ACI sensors are used across HVAC, manufacturing, industrial automation, energy management, environmental monitoring, and building control systems.
What types of sensors does ACI manufacture?
ACI offers temperature, humidity, pressure, CO₂, current, air quality, and specialty sensors designed for both industrial and commercial control applications.
Are ACI sensors compatible with most control systems?
Yes, ACI instrumentation is widely compatible with major BAS, PLC, DDC, and industrial control platforms through universal analog outputs and industry-standard wiring.
How accurate and reliable are ACI sensors?
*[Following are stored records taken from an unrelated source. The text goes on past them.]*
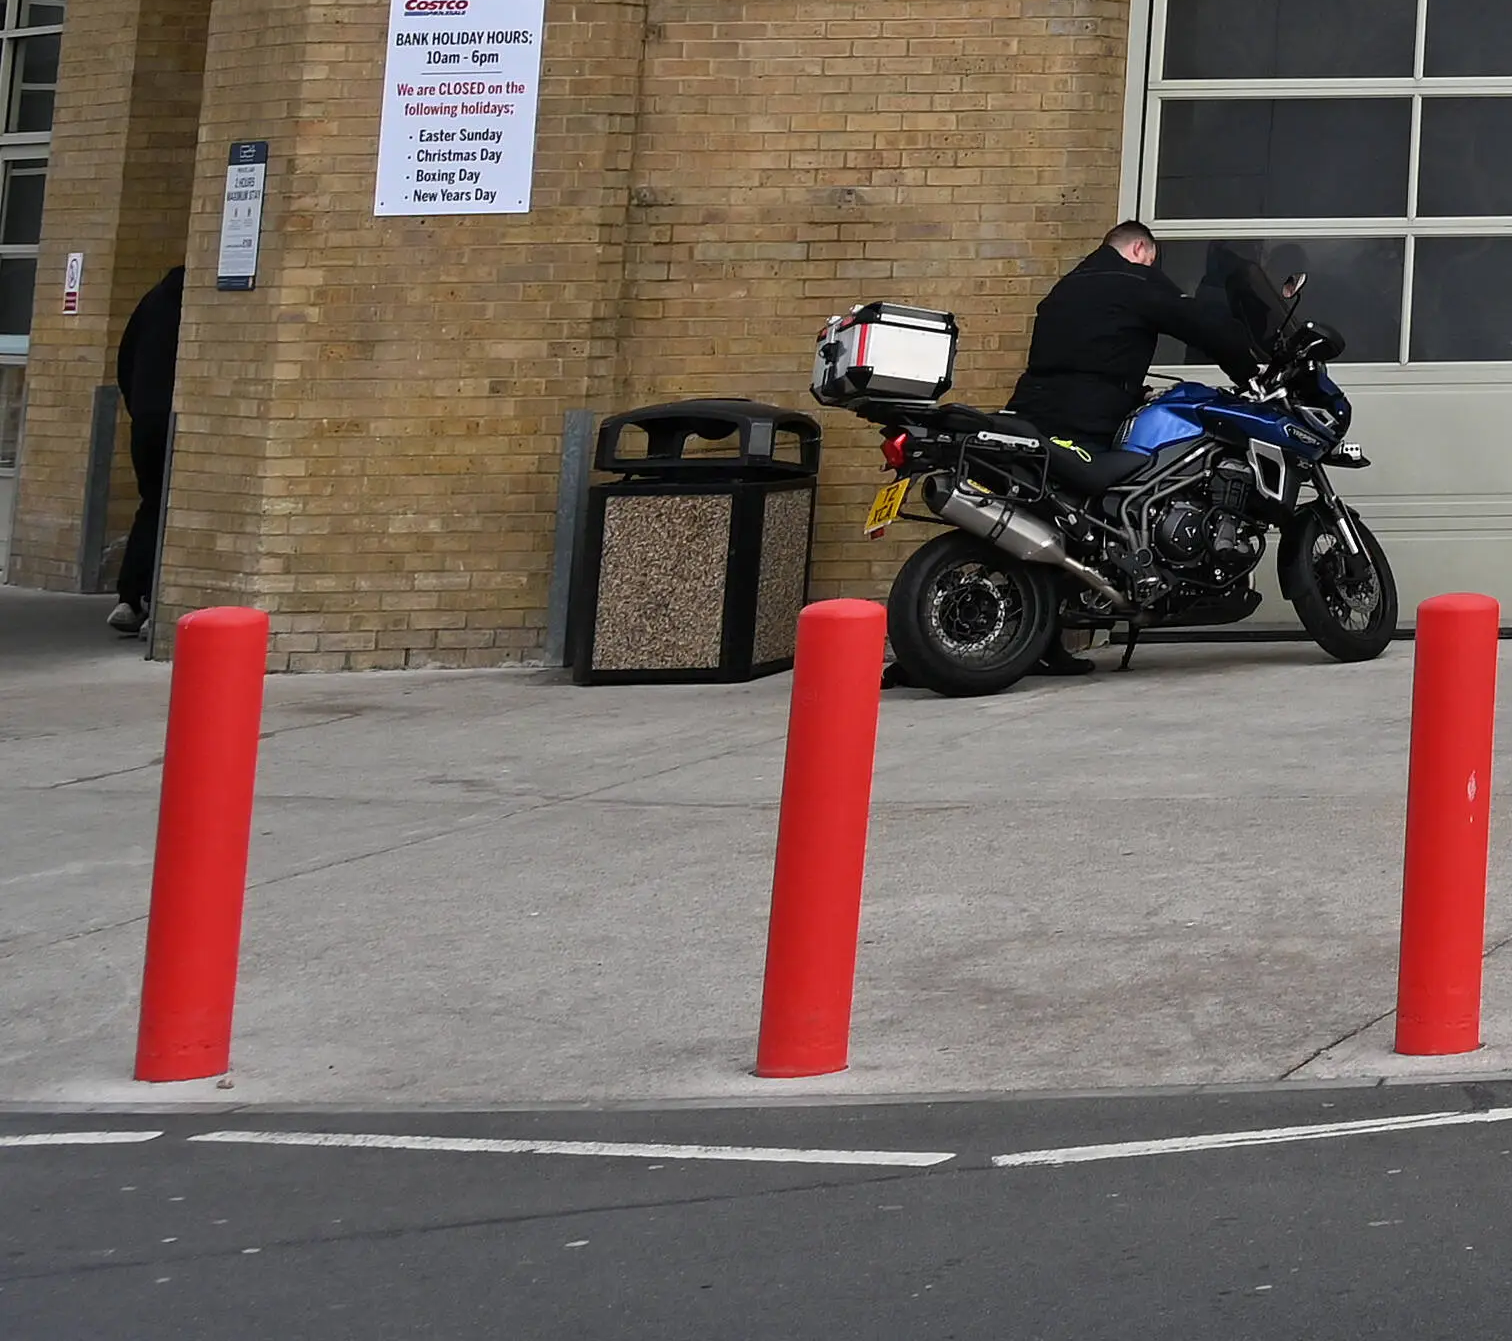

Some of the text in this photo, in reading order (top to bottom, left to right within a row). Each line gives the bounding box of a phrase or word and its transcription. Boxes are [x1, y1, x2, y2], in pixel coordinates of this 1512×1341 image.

[405, 0, 468, 10] COSTCO
[396, 32, 429, 46] BANK
[432, 31, 484, 45] HOLIDAY
[426, 51, 460, 64] 10am
[471, 50, 499, 66] 6pm
[397, 81, 525, 96] We are CLOSED on the
[405, 103, 457, 117] following
[419, 128, 502, 143] Easter Sunday
[417, 148, 502, 163] Christmas Day
[416, 168, 480, 184] Boxing Day
[413, 188, 497, 203] New Years Day
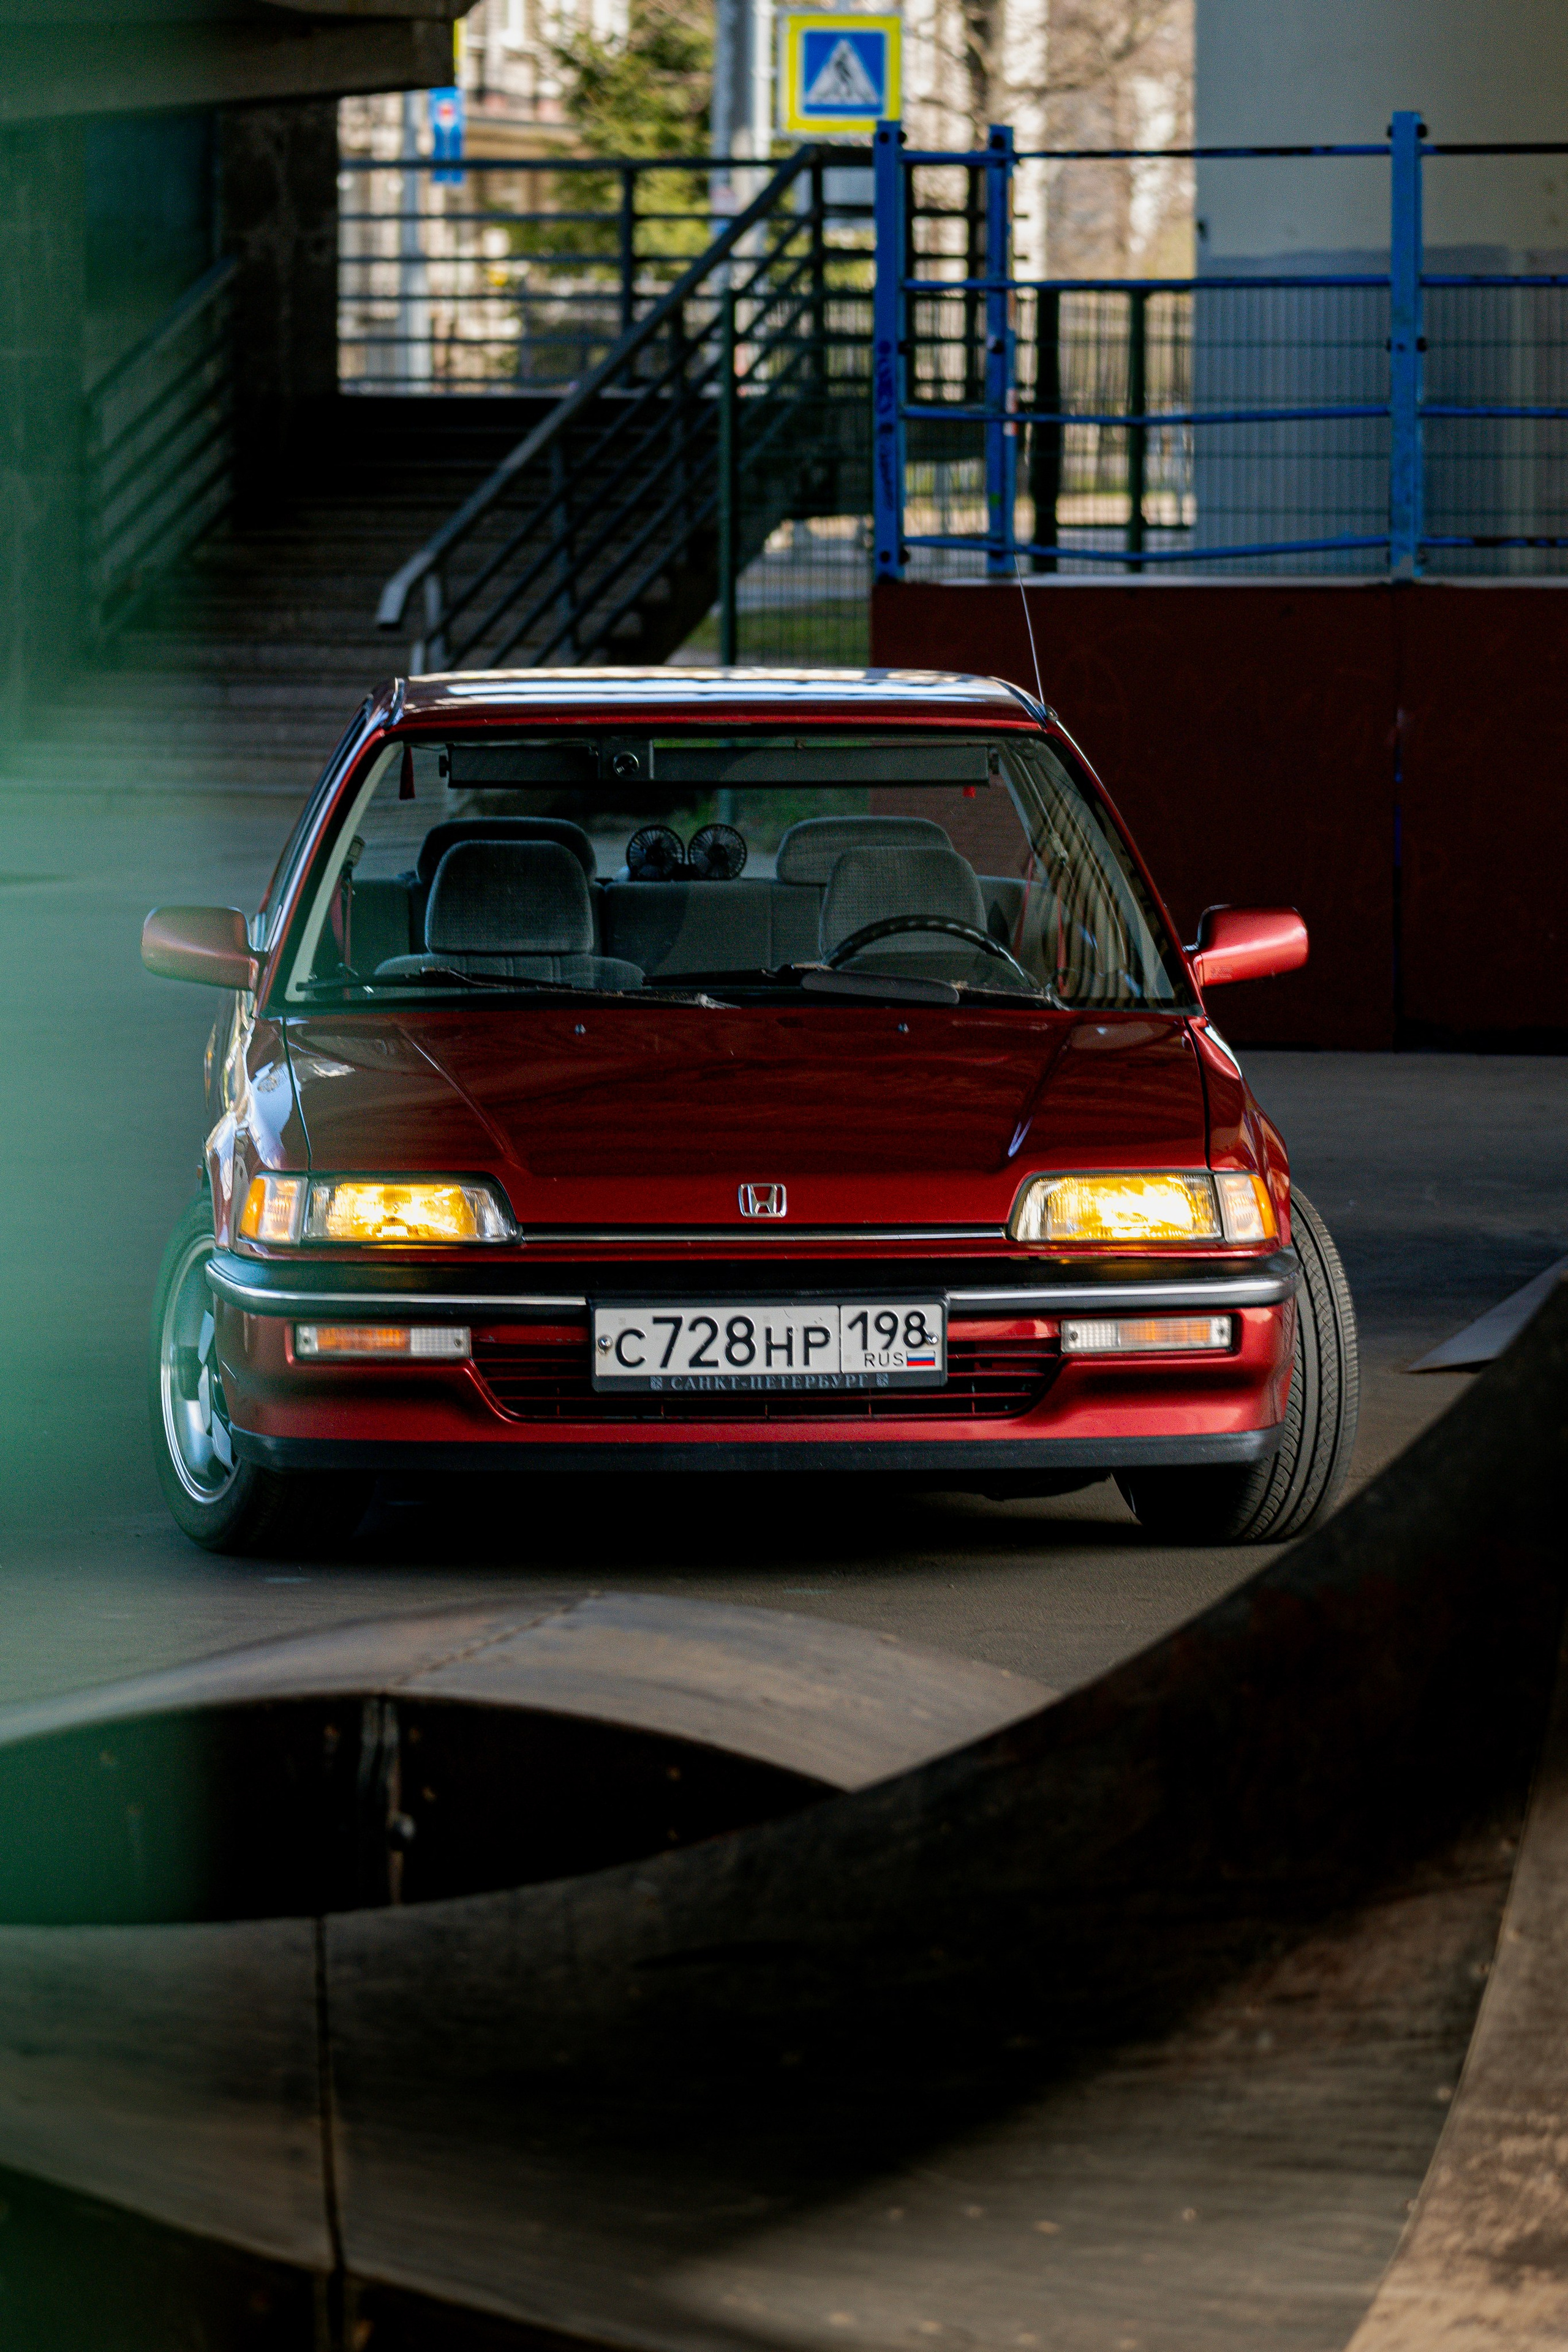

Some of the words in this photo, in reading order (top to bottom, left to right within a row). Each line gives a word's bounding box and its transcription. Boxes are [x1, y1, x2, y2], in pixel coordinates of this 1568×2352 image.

[616, 1315, 831, 1368] С728НР
[848, 1311, 927, 1351] 198
[864, 1352, 903, 1367] RUS
ACI is known for tight tolerances, long-term stability, NIST-traceable calibration options, and rugged construction suited for harsh industrial environments.
Can ACI sensors be used in non-HVAC industrial applications?
Yes, ACI sensors are engineered for temperature, flow, environmental, and electrical monitoring across industrial settings, including process control, robotics, and energy systems.
Analog and Digital Control Signals: The Basics
Digital Signals
Digital signals are represented in either a true or false. There is no gray area with digital signals. An example of this might be a light switch. A light switch is either on or off. Another example of this might be a motor that is running or not running. Digital signals can be generated with both AC and DC circuits with varying voltages, currents and resistance. Some practical examples of using digital signals in an industrial environment might be if a pump is running or not running or a whether a valve is open or closed.
Analog Signals
Analog signals convey information in the form of a range. A light switch might be on or off as a digital signal, but a dimmer switch would be an analog signal. It can be on or off, but it can also be somewhere in between. A practical example of using analog signals in an industrial environment would be if there is a need to measure the level of a tank; whether it's full, empty or somewhere in between. Analog signals can take many different forms with some of the more common being a 4 to 20 milliamp signal or a 0 to 5 or 0 to 10 volt signal.
Communication
Communication in a device can either be sent or received. Whether that data is sent or received depends on the type of information. Is there a need to monitor the status of something? If so, an input needs to be received about that information. Is there a need to control something? If so, an output needs to be sent about what needs to occur. Receiving inputs and setting outputs are both things that can be accomplished by using both digital and analog signal types. Therefore, the signals are referred to as analog outputs (AO), analog inputs (AI), digital inputs (DI) or digital outputs (DO).